In all materials here, any
line references to the Sonnets rather than the Runes will
make that fact specifically clear by means of a citation such as,
e.g., Sonnet 74.13. Otherwise, text-and-line references (e.g., 74.13)
routinely refer to the Runes, not the Sonnets.
2. Introductory
Notes on the Sets. I’ve discussed (just above) some
features of the sets. In addition, a separate introduction to each
set occurs in a prefatory note that I’ve placed at the front
of the set. Here I consider formal and thematic aspects and unique
features of the set including special game elements, acrostics,
and problematic challenges. Many sets seem to lack clearly delineated
topics, and most deal with a group of recurring ideas about the
writing activity itself, the moody relationship between poet and
auditor, art as memorial, Will’s recognition of the paradoxes
of his project and self-imposed situation, and so on.
3. The Runes.
As the illustrations elsewhere on this site show, the first rune
in each set always takes up more space than the other 13 because
its initial capitals in the printed form of Q are bigger—a
feature whose special fallout effects I assume Will—with his
all-attentive mind—would have envisioned.
Originally, in the book
ms. version of these materials, I treated the B variants
in Set VIII as separate, add-on sequences and gave them abbreviated
attention to avoid a certain repetition. This approach, however,
had the effect of casting the B variants as secondary, inferior,
even parasite texts. Thus on this website I have tried to give both
A and B variants in Set VIII equal billing. Some of my original
focus on the A variants, however, may be apparent here, especially
in the commentaries. The fact is that sometimes the A variant seems
a better text, and sometimes not. The overriding rule in Q is that,
where a bifurcation occurs, neither options rules out or overrides
the other.
I’ve settled
on developing these components for each rune:
A.
A Paste-up Text. My assumption is that the 14 Q lines,
unedited, show the exactly authorized details that Will anticipated
and worked out in collaboration with his printing agent, Thomas
Thorpe. Readers can see how each rune emerges “horizontally”
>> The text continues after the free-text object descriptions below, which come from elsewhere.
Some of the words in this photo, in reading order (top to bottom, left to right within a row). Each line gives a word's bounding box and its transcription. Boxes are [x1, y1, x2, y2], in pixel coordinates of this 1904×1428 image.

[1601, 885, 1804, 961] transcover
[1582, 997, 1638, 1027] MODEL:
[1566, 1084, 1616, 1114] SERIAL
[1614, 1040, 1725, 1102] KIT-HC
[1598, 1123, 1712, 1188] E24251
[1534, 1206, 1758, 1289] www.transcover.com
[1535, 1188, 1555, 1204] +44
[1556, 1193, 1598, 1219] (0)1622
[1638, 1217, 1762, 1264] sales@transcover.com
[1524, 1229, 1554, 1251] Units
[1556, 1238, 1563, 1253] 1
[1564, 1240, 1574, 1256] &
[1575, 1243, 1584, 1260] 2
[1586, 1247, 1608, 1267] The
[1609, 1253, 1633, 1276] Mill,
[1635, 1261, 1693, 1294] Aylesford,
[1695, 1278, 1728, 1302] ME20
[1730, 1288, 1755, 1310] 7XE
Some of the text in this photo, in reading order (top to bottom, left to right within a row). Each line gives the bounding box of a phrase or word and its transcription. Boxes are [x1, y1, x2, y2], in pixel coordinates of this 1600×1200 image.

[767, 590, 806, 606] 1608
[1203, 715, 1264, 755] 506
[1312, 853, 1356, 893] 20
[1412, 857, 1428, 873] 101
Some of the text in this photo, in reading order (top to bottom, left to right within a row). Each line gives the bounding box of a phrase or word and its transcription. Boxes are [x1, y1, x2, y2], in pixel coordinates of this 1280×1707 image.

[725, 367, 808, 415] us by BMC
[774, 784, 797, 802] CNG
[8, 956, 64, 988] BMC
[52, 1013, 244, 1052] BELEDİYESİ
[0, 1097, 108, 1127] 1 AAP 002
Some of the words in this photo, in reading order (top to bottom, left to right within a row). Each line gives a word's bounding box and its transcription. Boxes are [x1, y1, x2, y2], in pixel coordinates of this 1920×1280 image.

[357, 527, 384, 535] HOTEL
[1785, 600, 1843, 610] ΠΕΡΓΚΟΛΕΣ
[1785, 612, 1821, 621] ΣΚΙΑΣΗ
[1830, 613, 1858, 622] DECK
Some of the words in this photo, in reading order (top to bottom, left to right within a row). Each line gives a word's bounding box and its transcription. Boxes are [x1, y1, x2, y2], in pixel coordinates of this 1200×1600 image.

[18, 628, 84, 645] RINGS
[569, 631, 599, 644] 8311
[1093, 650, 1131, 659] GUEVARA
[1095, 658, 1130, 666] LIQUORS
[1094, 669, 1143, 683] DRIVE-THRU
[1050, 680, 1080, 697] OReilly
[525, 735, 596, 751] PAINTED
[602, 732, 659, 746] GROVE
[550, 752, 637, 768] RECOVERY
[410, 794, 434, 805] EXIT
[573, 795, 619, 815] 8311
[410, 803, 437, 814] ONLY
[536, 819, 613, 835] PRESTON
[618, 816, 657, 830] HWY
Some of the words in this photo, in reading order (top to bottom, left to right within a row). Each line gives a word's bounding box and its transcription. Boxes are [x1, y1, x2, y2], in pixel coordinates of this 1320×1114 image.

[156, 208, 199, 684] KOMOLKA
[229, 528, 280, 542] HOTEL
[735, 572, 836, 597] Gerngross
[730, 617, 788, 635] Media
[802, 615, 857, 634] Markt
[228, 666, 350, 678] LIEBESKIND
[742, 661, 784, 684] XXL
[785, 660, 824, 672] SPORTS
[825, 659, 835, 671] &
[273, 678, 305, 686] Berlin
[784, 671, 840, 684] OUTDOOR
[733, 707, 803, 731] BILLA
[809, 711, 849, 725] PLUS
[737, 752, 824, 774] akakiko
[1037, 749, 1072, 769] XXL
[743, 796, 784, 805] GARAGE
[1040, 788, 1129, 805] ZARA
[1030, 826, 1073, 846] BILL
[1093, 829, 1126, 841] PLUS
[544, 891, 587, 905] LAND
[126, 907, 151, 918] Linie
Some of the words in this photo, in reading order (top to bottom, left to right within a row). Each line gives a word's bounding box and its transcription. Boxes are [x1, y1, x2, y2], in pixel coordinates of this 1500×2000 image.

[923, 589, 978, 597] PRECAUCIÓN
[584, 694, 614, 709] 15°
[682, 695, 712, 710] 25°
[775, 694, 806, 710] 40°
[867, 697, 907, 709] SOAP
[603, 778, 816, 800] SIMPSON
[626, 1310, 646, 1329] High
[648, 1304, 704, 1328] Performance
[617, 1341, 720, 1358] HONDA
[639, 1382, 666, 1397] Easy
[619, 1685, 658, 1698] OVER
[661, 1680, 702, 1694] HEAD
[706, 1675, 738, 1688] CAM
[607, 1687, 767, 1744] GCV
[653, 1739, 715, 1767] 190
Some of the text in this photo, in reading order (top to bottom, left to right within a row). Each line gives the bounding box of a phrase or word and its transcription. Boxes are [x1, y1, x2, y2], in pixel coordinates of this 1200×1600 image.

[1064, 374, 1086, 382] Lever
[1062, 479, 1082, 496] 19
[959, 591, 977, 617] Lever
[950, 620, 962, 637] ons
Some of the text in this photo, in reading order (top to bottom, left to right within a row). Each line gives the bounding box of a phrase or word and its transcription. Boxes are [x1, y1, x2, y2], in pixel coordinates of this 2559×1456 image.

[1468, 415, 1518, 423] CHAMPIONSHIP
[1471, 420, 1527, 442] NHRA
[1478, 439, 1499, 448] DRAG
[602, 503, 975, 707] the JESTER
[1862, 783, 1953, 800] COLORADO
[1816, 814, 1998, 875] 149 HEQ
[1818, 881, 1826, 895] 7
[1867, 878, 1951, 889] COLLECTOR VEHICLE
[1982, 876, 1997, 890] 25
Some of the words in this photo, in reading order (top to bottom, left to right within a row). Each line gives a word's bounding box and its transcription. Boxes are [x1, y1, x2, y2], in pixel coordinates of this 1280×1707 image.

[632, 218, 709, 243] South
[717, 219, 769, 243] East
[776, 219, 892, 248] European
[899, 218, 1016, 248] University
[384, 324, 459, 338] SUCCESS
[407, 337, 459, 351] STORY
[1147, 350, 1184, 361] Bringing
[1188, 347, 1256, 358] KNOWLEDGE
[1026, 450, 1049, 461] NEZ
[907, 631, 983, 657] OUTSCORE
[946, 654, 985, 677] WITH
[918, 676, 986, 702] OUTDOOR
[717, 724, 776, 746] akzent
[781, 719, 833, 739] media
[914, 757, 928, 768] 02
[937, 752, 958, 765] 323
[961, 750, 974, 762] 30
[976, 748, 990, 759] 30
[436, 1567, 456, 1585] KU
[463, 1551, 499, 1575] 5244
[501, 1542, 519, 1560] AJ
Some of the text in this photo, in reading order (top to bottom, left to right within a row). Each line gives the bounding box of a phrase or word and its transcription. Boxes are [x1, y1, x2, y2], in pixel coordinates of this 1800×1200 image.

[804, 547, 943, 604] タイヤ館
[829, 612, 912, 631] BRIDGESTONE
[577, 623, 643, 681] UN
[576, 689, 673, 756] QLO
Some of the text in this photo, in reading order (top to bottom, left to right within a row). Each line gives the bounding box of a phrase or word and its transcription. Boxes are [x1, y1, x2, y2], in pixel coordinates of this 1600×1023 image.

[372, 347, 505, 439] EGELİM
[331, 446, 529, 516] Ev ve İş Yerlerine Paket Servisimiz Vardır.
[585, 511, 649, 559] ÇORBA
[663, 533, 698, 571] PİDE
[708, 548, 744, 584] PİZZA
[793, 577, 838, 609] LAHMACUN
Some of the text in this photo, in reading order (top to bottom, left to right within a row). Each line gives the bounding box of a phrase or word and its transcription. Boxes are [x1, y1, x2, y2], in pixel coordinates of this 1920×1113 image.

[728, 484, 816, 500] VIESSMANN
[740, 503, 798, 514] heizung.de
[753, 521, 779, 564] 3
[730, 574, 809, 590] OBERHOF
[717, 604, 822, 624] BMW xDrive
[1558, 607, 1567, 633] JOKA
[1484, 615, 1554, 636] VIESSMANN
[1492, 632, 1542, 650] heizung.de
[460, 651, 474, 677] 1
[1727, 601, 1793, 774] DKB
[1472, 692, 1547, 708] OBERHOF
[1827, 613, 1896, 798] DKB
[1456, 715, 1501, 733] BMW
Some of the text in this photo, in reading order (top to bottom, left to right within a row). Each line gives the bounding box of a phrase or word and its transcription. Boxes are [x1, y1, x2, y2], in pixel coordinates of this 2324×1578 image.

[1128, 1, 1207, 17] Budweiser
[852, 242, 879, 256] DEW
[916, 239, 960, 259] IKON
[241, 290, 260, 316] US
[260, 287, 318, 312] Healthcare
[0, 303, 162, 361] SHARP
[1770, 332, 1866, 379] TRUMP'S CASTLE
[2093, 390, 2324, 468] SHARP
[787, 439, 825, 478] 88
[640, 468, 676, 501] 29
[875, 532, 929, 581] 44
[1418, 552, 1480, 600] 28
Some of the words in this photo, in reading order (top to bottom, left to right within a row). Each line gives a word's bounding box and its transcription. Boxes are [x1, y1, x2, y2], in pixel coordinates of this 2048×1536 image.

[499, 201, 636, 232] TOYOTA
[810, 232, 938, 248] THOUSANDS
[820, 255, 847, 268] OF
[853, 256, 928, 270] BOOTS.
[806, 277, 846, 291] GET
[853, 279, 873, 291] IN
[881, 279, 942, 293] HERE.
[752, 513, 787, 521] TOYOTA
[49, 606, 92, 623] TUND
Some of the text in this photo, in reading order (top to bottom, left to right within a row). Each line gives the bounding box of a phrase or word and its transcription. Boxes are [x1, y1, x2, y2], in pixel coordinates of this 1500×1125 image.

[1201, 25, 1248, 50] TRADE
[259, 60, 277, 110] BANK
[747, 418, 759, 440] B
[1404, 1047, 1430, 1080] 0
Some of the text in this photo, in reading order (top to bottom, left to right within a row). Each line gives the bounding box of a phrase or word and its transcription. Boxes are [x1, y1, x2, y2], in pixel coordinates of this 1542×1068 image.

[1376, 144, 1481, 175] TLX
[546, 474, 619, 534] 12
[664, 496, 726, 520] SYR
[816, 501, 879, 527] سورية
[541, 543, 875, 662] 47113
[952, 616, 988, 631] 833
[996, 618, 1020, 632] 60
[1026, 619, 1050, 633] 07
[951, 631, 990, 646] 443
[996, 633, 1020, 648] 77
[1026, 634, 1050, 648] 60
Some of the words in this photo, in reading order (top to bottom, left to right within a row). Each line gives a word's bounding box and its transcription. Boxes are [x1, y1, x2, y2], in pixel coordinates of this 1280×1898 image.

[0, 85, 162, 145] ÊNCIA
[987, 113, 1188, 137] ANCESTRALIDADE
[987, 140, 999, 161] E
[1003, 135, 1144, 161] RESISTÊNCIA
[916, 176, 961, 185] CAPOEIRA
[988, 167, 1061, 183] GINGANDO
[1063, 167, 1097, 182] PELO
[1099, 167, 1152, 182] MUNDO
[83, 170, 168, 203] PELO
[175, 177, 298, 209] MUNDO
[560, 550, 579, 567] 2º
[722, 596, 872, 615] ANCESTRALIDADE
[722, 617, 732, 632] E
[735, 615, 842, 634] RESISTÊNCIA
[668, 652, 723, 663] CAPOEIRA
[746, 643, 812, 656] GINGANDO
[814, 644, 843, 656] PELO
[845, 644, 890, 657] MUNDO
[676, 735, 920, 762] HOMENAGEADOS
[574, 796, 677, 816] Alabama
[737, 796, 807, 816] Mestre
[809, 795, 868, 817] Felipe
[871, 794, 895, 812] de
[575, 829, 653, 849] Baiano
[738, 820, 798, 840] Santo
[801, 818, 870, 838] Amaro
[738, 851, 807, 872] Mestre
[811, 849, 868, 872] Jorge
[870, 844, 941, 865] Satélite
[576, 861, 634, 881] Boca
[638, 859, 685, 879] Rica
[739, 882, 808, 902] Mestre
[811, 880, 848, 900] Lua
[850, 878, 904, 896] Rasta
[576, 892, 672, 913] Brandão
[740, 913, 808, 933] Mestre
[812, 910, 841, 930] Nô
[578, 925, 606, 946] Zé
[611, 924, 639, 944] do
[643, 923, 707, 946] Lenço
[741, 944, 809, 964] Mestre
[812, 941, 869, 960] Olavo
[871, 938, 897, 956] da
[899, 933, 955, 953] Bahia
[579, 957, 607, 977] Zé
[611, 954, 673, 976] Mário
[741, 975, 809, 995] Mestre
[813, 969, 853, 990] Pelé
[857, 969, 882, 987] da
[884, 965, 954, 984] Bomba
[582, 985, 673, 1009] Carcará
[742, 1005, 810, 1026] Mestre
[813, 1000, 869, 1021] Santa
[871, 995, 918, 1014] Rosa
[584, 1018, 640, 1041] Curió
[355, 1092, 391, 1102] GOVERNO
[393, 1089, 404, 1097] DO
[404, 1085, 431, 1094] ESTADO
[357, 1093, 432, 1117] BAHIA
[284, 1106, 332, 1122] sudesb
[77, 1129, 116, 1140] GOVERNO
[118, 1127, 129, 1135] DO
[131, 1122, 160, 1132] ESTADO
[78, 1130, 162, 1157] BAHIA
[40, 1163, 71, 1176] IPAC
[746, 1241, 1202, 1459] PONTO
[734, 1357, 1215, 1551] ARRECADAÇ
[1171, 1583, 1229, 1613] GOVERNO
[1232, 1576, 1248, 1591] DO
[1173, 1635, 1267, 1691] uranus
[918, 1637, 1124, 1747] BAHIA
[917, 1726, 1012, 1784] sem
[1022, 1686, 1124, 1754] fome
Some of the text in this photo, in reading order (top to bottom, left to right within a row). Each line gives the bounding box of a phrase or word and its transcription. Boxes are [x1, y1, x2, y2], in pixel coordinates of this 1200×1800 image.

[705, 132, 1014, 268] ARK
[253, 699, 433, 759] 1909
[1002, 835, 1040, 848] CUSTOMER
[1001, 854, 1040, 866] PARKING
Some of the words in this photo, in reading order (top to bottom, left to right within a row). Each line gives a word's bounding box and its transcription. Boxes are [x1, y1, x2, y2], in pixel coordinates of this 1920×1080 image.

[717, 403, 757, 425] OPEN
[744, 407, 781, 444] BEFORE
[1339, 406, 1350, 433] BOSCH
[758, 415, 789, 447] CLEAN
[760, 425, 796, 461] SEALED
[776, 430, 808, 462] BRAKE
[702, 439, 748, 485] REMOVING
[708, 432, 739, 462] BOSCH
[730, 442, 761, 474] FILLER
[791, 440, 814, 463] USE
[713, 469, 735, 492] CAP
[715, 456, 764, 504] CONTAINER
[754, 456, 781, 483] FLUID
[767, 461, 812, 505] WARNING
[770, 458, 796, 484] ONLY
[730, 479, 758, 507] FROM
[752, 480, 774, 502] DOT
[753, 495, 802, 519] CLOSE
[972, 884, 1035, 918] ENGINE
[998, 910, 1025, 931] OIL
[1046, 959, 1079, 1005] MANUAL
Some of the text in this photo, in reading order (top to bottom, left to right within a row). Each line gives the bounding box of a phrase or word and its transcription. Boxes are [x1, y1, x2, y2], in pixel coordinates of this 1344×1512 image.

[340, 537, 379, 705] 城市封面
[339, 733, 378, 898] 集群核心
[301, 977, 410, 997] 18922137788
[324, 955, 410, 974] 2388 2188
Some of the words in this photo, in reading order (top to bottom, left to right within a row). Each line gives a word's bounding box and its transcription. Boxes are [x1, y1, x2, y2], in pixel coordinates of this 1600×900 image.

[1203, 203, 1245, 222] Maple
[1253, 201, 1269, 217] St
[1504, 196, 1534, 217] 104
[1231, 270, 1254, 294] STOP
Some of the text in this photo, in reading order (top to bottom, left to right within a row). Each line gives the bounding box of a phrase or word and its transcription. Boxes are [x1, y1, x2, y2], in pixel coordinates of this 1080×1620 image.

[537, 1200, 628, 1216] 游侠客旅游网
by referring back to the set spread that houses and automatically
generates it. The authorized system of parallelism that’s
implicit in each set makes the restoration of any runic text a
mechanical rather than a volitional process—even in the
special case of Set VIII, with its A and B variants.
B.
An Edited Text, with Line Glosses. Using modernized punctuation
and (mostly American) spelling, I try as first editor to make
sense of the poem—by definition an interpretive enterprise.
Because most texts are already knotty, I seldom select “open”
punctuation that would allow the broadest ranges of meanings.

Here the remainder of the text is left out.